Repeat all of the data exactly. Leave nothing out.

Free-text object descriptions:
>>>>>

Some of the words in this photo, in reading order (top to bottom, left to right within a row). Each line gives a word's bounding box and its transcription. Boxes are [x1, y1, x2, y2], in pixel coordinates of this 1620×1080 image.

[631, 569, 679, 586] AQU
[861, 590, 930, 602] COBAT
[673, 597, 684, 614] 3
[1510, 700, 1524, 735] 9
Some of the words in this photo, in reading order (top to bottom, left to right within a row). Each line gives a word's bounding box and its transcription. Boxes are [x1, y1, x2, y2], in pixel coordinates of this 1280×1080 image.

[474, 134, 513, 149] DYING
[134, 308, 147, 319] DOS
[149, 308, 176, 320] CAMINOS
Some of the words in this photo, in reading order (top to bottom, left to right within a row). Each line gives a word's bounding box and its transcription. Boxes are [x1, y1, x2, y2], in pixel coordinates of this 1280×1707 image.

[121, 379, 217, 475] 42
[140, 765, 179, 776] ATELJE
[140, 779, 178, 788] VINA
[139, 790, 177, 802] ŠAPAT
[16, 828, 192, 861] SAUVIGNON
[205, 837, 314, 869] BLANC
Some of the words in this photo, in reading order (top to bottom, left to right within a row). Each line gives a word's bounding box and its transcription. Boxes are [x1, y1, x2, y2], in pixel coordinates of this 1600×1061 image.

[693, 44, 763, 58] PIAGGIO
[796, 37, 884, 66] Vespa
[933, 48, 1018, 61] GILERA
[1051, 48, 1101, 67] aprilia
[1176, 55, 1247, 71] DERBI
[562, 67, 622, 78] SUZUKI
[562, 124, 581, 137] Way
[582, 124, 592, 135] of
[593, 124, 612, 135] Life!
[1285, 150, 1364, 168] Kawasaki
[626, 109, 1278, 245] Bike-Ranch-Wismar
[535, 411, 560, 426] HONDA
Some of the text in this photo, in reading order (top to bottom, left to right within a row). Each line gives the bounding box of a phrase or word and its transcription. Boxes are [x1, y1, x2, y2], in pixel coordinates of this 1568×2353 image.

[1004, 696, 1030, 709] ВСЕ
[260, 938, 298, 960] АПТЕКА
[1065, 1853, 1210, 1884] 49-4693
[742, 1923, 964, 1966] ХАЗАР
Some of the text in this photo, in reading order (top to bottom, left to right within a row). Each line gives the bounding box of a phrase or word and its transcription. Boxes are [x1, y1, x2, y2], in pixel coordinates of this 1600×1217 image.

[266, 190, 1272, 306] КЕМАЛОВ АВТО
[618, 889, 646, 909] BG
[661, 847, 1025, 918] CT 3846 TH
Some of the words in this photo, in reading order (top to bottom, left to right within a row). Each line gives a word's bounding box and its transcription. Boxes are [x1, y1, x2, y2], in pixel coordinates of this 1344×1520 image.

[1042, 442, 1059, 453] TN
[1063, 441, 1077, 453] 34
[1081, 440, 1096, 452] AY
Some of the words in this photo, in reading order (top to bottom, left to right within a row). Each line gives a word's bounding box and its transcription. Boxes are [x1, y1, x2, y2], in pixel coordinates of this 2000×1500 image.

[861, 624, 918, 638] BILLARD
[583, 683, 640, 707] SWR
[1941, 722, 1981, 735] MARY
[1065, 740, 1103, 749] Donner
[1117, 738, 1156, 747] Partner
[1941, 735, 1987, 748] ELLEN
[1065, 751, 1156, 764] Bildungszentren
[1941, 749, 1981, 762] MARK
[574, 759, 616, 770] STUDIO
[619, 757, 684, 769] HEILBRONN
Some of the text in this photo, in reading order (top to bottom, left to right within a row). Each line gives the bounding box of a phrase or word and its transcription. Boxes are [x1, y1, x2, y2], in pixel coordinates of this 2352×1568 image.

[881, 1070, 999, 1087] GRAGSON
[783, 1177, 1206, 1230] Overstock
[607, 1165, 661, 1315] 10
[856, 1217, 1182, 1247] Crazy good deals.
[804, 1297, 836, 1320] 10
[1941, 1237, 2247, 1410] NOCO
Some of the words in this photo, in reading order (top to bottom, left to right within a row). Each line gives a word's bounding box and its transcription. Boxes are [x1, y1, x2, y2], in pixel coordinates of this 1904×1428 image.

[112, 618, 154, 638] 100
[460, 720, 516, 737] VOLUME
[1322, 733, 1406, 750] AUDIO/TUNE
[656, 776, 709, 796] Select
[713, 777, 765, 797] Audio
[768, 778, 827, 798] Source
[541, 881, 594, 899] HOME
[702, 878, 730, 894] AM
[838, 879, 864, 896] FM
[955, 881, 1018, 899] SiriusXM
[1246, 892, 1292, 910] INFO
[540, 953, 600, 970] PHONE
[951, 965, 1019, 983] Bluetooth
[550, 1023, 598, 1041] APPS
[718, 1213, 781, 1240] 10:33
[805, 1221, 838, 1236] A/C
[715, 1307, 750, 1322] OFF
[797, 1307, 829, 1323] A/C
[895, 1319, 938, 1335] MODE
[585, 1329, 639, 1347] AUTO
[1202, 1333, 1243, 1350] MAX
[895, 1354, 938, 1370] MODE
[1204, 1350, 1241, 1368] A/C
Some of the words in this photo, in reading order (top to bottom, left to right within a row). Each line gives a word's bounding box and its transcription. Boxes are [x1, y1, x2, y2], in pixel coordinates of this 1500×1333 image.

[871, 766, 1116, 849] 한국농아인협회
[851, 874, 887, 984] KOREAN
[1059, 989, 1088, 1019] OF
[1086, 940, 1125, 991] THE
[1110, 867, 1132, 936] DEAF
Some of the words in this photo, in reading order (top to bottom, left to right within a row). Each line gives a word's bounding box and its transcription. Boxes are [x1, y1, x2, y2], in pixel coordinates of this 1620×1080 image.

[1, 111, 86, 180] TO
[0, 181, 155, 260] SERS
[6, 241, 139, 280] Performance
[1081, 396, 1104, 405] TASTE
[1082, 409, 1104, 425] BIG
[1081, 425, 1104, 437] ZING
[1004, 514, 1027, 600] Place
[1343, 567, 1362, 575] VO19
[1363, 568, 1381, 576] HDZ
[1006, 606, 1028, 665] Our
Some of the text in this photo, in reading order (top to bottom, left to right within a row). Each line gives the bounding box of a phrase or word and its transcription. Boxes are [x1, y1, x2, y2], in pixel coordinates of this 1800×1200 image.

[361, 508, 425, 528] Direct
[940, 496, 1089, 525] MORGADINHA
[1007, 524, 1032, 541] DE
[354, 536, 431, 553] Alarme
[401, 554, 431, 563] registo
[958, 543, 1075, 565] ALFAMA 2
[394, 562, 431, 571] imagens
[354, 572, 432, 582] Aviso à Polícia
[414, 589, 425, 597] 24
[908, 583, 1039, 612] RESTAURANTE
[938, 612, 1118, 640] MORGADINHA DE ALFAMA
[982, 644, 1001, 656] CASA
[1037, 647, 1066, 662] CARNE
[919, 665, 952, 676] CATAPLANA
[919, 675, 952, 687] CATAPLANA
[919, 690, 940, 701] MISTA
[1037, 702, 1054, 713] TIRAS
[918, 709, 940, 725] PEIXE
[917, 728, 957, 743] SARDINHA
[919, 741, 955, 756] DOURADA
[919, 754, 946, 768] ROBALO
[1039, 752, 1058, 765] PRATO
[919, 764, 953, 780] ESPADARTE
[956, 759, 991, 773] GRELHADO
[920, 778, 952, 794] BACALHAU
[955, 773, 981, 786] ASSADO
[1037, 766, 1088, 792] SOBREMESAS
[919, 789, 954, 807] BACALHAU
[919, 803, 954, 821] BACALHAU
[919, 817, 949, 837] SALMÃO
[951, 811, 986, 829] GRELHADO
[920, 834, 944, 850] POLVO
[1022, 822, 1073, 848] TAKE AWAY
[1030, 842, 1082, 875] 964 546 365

<<<<<

ANSWER AREA:
Some of the words in this photo, in reading order (top to bottom, left to right within a row). Each line gives a word's bounding box and its transcription. Boxes are [x1, y1, x2, y2], in pixel coordinates of this 1620×1080 image.

[631, 569, 679, 586] AQU
[861, 590, 930, 602] COBAT
[673, 597, 684, 614] 3
[1510, 700, 1524, 735] 9
Some of the words in this photo, in reading order (top to bottom, left to right within a row). Each line gives a word's bounding box and its transcription. Boxes are [x1, y1, x2, y2], in pixel coordinates of this 1280×1080 image.

[474, 134, 513, 149] DYING
[134, 308, 147, 319] DOS
[149, 308, 176, 320] CAMINOS
Some of the words in this photo, in reading order (top to bottom, left to right within a row). Each line gives a word's bounding box and its transcription. Boxes are [x1, y1, x2, y2], in pixel coordinates of this 1280×1707 image.

[121, 379, 217, 475] 42
[140, 765, 179, 776] ATELJE
[140, 779, 178, 788] VINA
[139, 790, 177, 802] ŠAPAT
[16, 828, 192, 861] SAUVIGNON
[205, 837, 314, 869] BLANC
Some of the words in this photo, in reading order (top to bottom, left to right within a row). Each line gives a word's bounding box and its transcription. Boxes are [x1, y1, x2, y2], in pixel coordinates of this 1600×1061 image.

[693, 44, 763, 58] PIAGGIO
[796, 37, 884, 66] Vespa
[933, 48, 1018, 61] GILERA
[1051, 48, 1101, 67] aprilia
[1176, 55, 1247, 71] DERBI
[562, 67, 622, 78] SUZUKI
[562, 124, 581, 137] Way
[582, 124, 592, 135] of
[593, 124, 612, 135] Life!
[1285, 150, 1364, 168] Kawasaki
[626, 109, 1278, 245] Bike-Ranch-Wismar
[535, 411, 560, 426] HONDA
Some of the text in this photo, in reading order (top to bottom, left to right within a row). Each line gives the bounding box of a phrase or word and its transcription. Boxes are [x1, y1, x2, y2], in pixel coordinates of this 1568×2353 image.

[1004, 696, 1030, 709] ВСЕ
[260, 938, 298, 960] АПТЕКА
[1065, 1853, 1210, 1884] 49-4693
[742, 1923, 964, 1966] ХАЗАР
Some of the text in this photo, in reading order (top to bottom, left to right within a row). Each line gives the bounding box of a phrase or word and its transcription. Boxes are [x1, y1, x2, y2], in pixel coordinates of this 1600×1217 image.

[266, 190, 1272, 306] КЕМАЛОВ АВТО
[618, 889, 646, 909] BG
[661, 847, 1025, 918] CT 3846 TH
Some of the words in this photo, in reading order (top to bottom, left to right within a row). Each line gives a word's bounding box and its transcription. Boxes are [x1, y1, x2, y2], in pixel coordinates of this 1344×1520 image.

[1042, 442, 1059, 453] TN
[1063, 441, 1077, 453] 34
[1081, 440, 1096, 452] AY
Some of the words in this photo, in reading order (top to bottom, left to right within a row). Each line gives a word's bounding box and its transcription. Boxes are [x1, y1, x2, y2], in pixel coordinates of this 2000×1500 image.

[861, 624, 918, 638] BILLARD
[583, 683, 640, 707] SWR
[1941, 722, 1981, 735] MARY
[1065, 740, 1103, 749] Donner
[1117, 738, 1156, 747] Partner
[1941, 735, 1987, 748] ELLEN
[1065, 751, 1156, 764] Bildungszentren
[1941, 749, 1981, 762] MARK
[574, 759, 616, 770] STUDIO
[619, 757, 684, 769] HEILBRONN
Some of the text in this photo, in reading order (top to bottom, left to right within a row). Each line gives the bounding box of a phrase or word and its transcription. Boxes are [x1, y1, x2, y2], in pixel coordinates of this 2352×1568 image.

[881, 1070, 999, 1087] GRAGSON
[783, 1177, 1206, 1230] Overstock
[607, 1165, 661, 1315] 10
[856, 1217, 1182, 1247] Crazy good deals.
[804, 1297, 836, 1320] 10
[1941, 1237, 2247, 1410] NOCO
Some of the words in this photo, in reading order (top to bottom, left to right within a row). Each line gives a word's bounding box and its transcription. Boxes are [x1, y1, x2, y2], in pixel coordinates of this 1904×1428 image.

[112, 618, 154, 638] 100
[460, 720, 516, 737] VOLUME
[1322, 733, 1406, 750] AUDIO/TUNE
[656, 776, 709, 796] Select
[713, 777, 765, 797] Audio
[768, 778, 827, 798] Source
[541, 881, 594, 899] HOME
[702, 878, 730, 894] AM
[838, 879, 864, 896] FM
[955, 881, 1018, 899] SiriusXM
[1246, 892, 1292, 910] INFO
[540, 953, 600, 970] PHONE
[951, 965, 1019, 983] Bluetooth
[550, 1023, 598, 1041] APPS
[718, 1213, 781, 1240] 10:33
[805, 1221, 838, 1236] A/C
[715, 1307, 750, 1322] OFF
[797, 1307, 829, 1323] A/C
[895, 1319, 938, 1335] MODE
[585, 1329, 639, 1347] AUTO
[1202, 1333, 1243, 1350] MAX
[895, 1354, 938, 1370] MODE
[1204, 1350, 1241, 1368] A/C
Some of the words in this photo, in reading order (top to bottom, left to right within a row). Each line gives a word's bounding box and its transcription. Boxes are [x1, y1, x2, y2], in pixel coordinates of this 1500×1333 image.

[871, 766, 1116, 849] 한국농아인협회
[851, 874, 887, 984] KOREAN
[1059, 989, 1088, 1019] OF
[1086, 940, 1125, 991] THE
[1110, 867, 1132, 936] DEAF
Some of the words in this photo, in reading order (top to bottom, left to right within a row). Each line gives a word's bounding box and its transcription. Boxes are [x1, y1, x2, y2], in pixel coordinates of this 1620×1080 image.

[1, 111, 86, 180] TO
[0, 181, 155, 260] SERS
[6, 241, 139, 280] Performance
[1081, 396, 1104, 405] TASTE
[1082, 409, 1104, 425] BIG
[1081, 425, 1104, 437] ZING
[1004, 514, 1027, 600] Place
[1343, 567, 1362, 575] VO19
[1363, 568, 1381, 576] HDZ
[1006, 606, 1028, 665] Our
Some of the text in this photo, in reading order (top to bottom, left to right within a row). Each line gives the bounding box of a phrase or word and its transcription. Boxes are [x1, y1, x2, y2], in pixel coordinates of this 1800×1200 image.

[361, 508, 425, 528] Direct
[940, 496, 1089, 525] MORGADINHA
[1007, 524, 1032, 541] DE
[354, 536, 431, 553] Alarme
[401, 554, 431, 563] registo
[958, 543, 1075, 565] ALFAMA 2
[394, 562, 431, 571] imagens
[354, 572, 432, 582] Aviso à Polícia
[414, 589, 425, 597] 24
[908, 583, 1039, 612] RESTAURANTE
[938, 612, 1118, 640] MORGADINHA DE ALFAMA
[982, 644, 1001, 656] CASA
[1037, 647, 1066, 662] CARNE
[919, 665, 952, 676] CATAPLANA
[919, 675, 952, 687] CATAPLANA
[919, 690, 940, 701] MISTA
[1037, 702, 1054, 713] TIRAS
[918, 709, 940, 725] PEIXE
[917, 728, 957, 743] SARDINHA
[919, 741, 955, 756] DOURADA
[919, 754, 946, 768] ROBALO
[1039, 752, 1058, 765] PRATO
[919, 764, 953, 780] ESPADARTE
[956, 759, 991, 773] GRELHADO
[920, 778, 952, 794] BACALHAU
[955, 773, 981, 786] ASSADO
[1037, 766, 1088, 792] SOBREMESAS
[919, 789, 954, 807] BACALHAU
[919, 803, 954, 821] BACALHAU
[919, 817, 949, 837] SALMÃO
[951, 811, 986, 829] GRELHADO
[920, 834, 944, 850] POLVO
[1022, 822, 1073, 848] TAKE AWAY
[1030, 842, 1082, 875] 964 546 365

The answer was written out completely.